### SUPPLIED ENTRIES

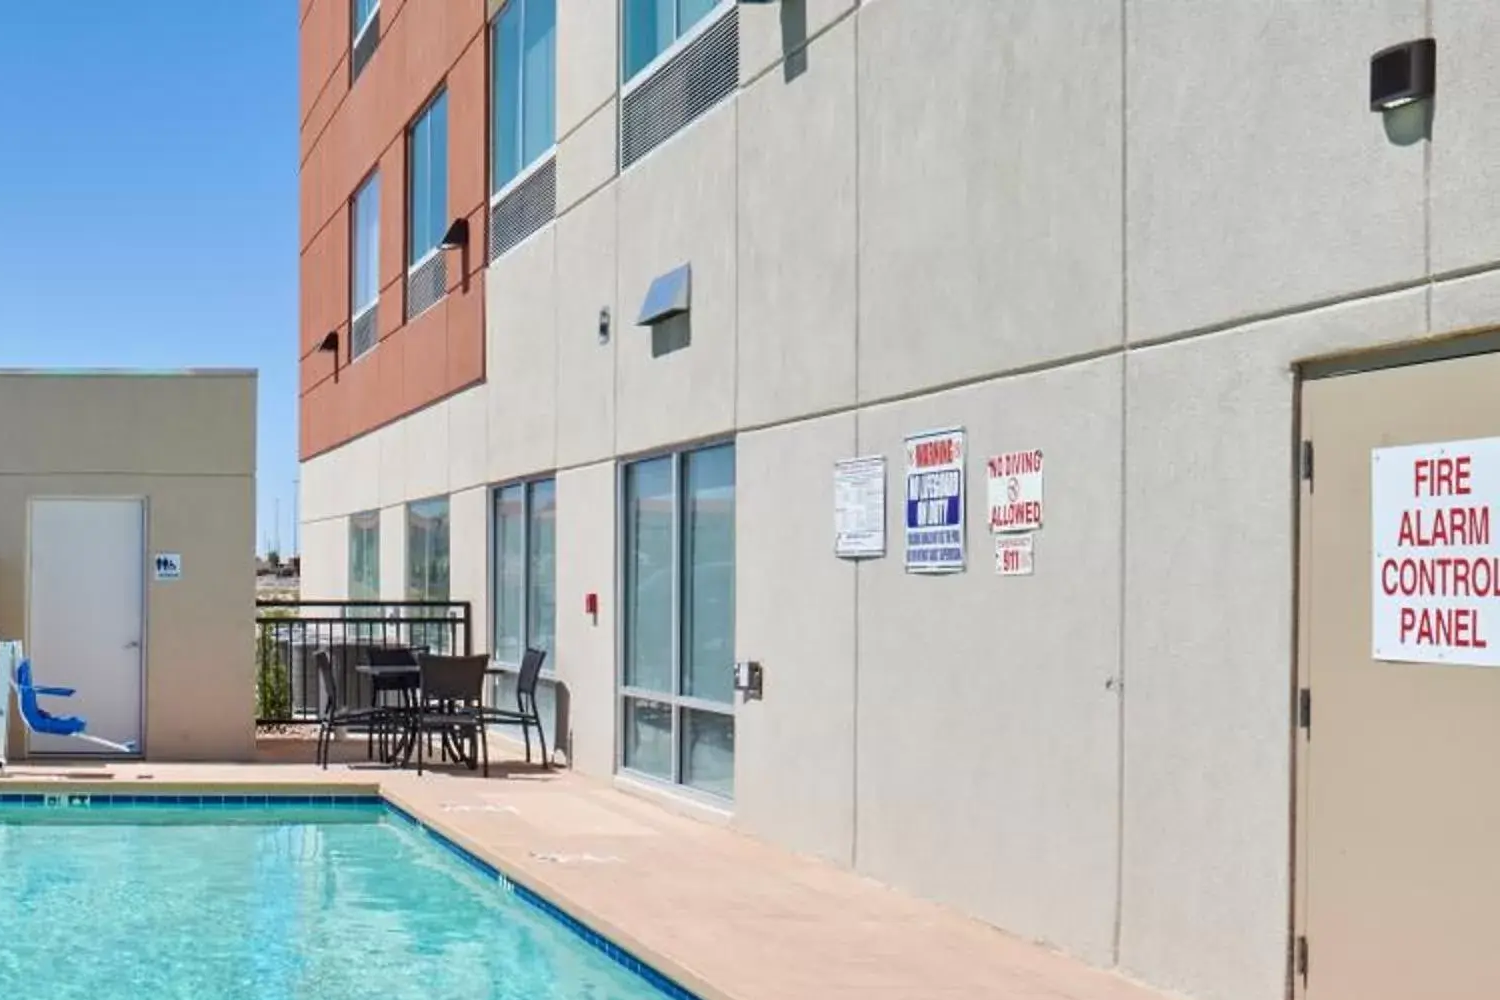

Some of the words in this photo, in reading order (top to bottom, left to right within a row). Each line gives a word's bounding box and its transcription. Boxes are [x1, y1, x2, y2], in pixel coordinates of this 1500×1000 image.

[988, 457, 1003, 478] NO
[1005, 450, 1043, 476] DIVING
[1414, 456, 1471, 497] FIRE
[991, 501, 1041, 526] ALLOWED
[1397, 506, 1490, 546] ALARM
[1003, 550, 1019, 571] 911
[1381, 557, 1500, 597] CONTROL
[1400, 607, 1487, 648] PANEL
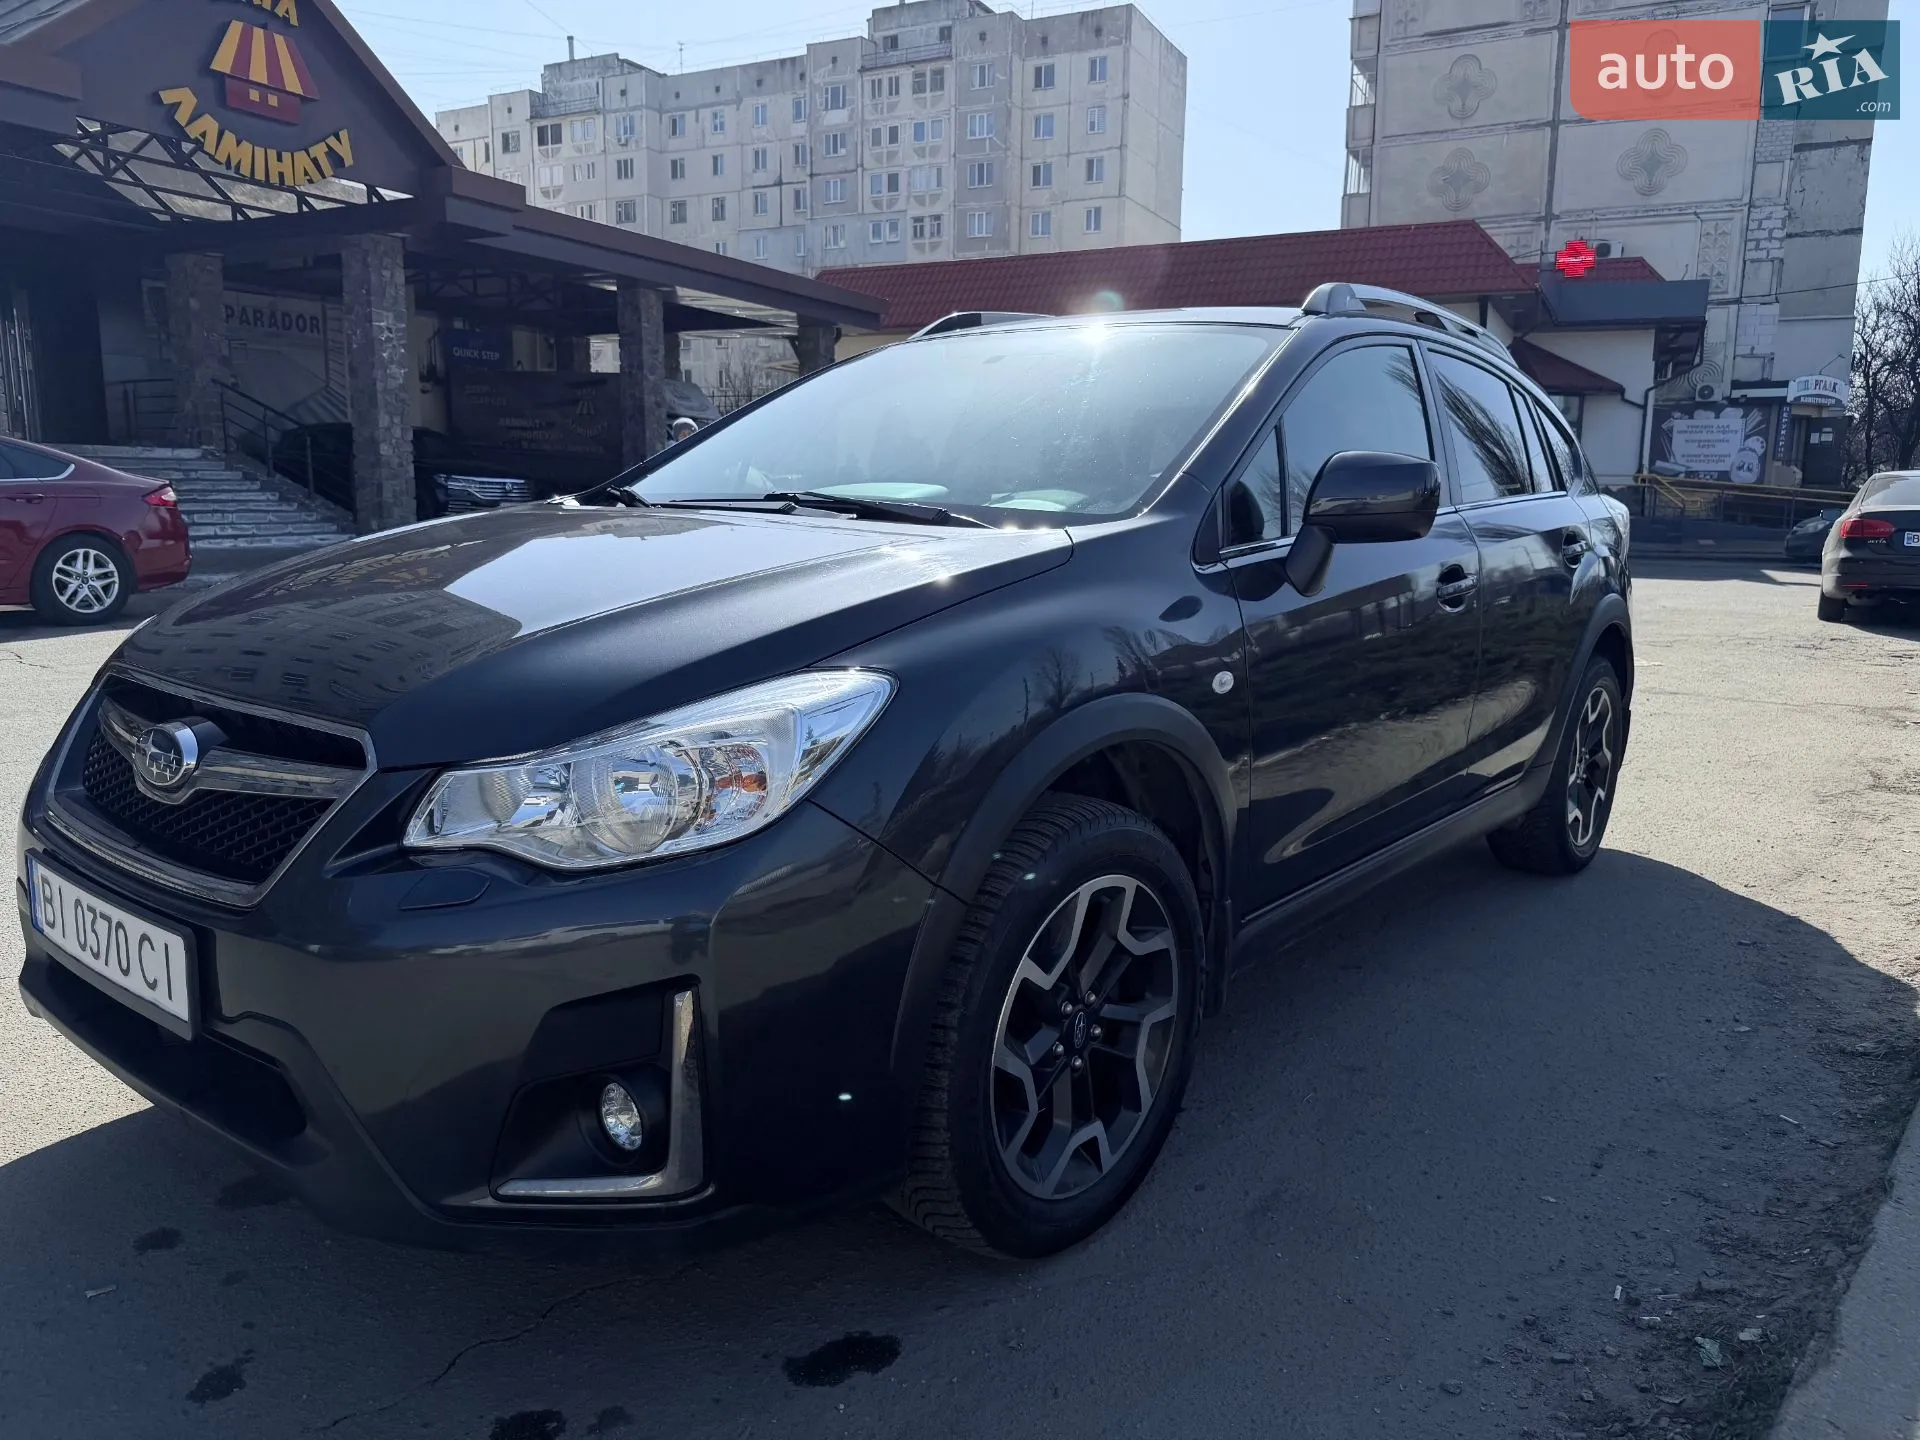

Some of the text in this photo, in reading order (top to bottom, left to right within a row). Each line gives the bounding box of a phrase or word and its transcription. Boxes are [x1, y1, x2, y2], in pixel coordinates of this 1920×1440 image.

[159, 86, 354, 186] ЛАМІНАТУ
[224, 303, 321, 335] PARADOR
[452, 346, 500, 361] QUICK STEP
[40, 873, 173, 1002] BI 0370 CI
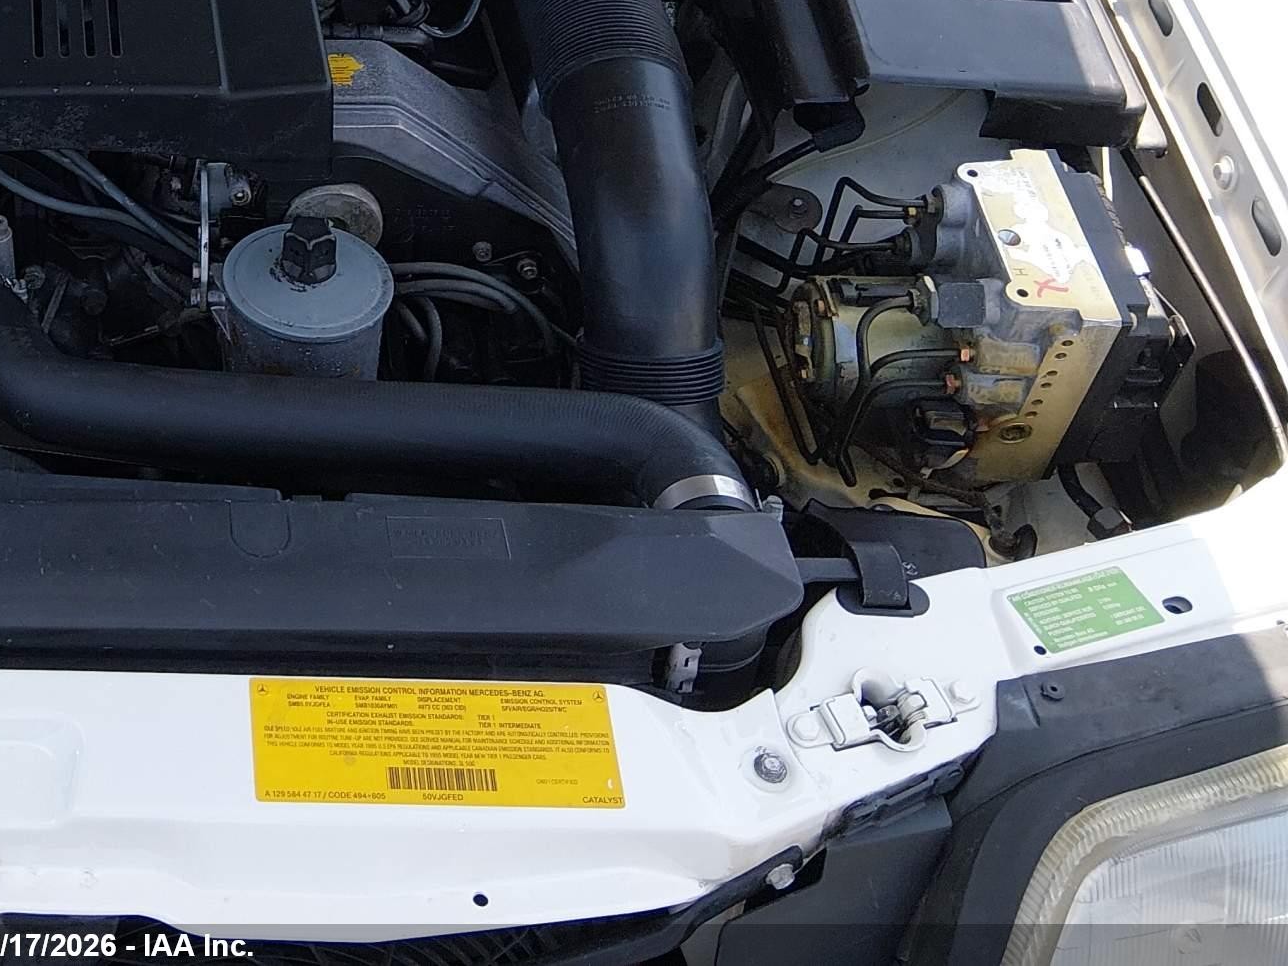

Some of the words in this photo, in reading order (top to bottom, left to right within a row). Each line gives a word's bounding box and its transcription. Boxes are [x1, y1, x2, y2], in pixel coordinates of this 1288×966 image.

[347, 686, 380, 694] EMISSION
[418, 688, 468, 696] INFORMATION
[468, 689, 532, 697] MERCEDES-BENZ
[582, 796, 624, 804] CATALYST

### ACTION ITEM
Aside from the pictures, copy all of the entries exactly.

### ANSWER TO THE PROBLEM
Some of the words in this photo, in reading order (top to bottom, left to right within a row). Each line gives a word's bounding box and its transcription. Boxes are [x1, y1, x2, y2], in pixel coordinates of this 1500×1000 image.

[988, 457, 1003, 478] NO
[1005, 450, 1043, 476] DIVING
[1414, 456, 1471, 497] FIRE
[991, 501, 1041, 526] ALLOWED
[1397, 506, 1490, 546] ALARM
[1003, 550, 1019, 571] 911
[1381, 557, 1500, 597] CONTROL
[1400, 607, 1487, 648] PANEL

Some of the text in this photo, in reading order (top to bottom, left to right within a row). Each line gives the bounding box of a phrase or word and its transcription. Boxes are [x1, y1, x2, y2], in pixel coordinates of this 1920×1440 image.

[159, 86, 354, 186] ЛАМІНАТУ
[224, 303, 321, 335] PARADOR
[452, 346, 500, 361] QUICK STEP
[40, 873, 173, 1002] BI 0370 CI

Some of the words in this photo, in reading order (top to bottom, left to right within a row). Each line gives a word's bounding box and its transcription. Boxes are [x1, y1, x2, y2], in pixel coordinates of this 1288×966 image.

[347, 686, 380, 694] EMISSION
[418, 688, 468, 696] INFORMATION
[468, 689, 532, 697] MERCEDES-BENZ
[582, 796, 624, 804] CATALYST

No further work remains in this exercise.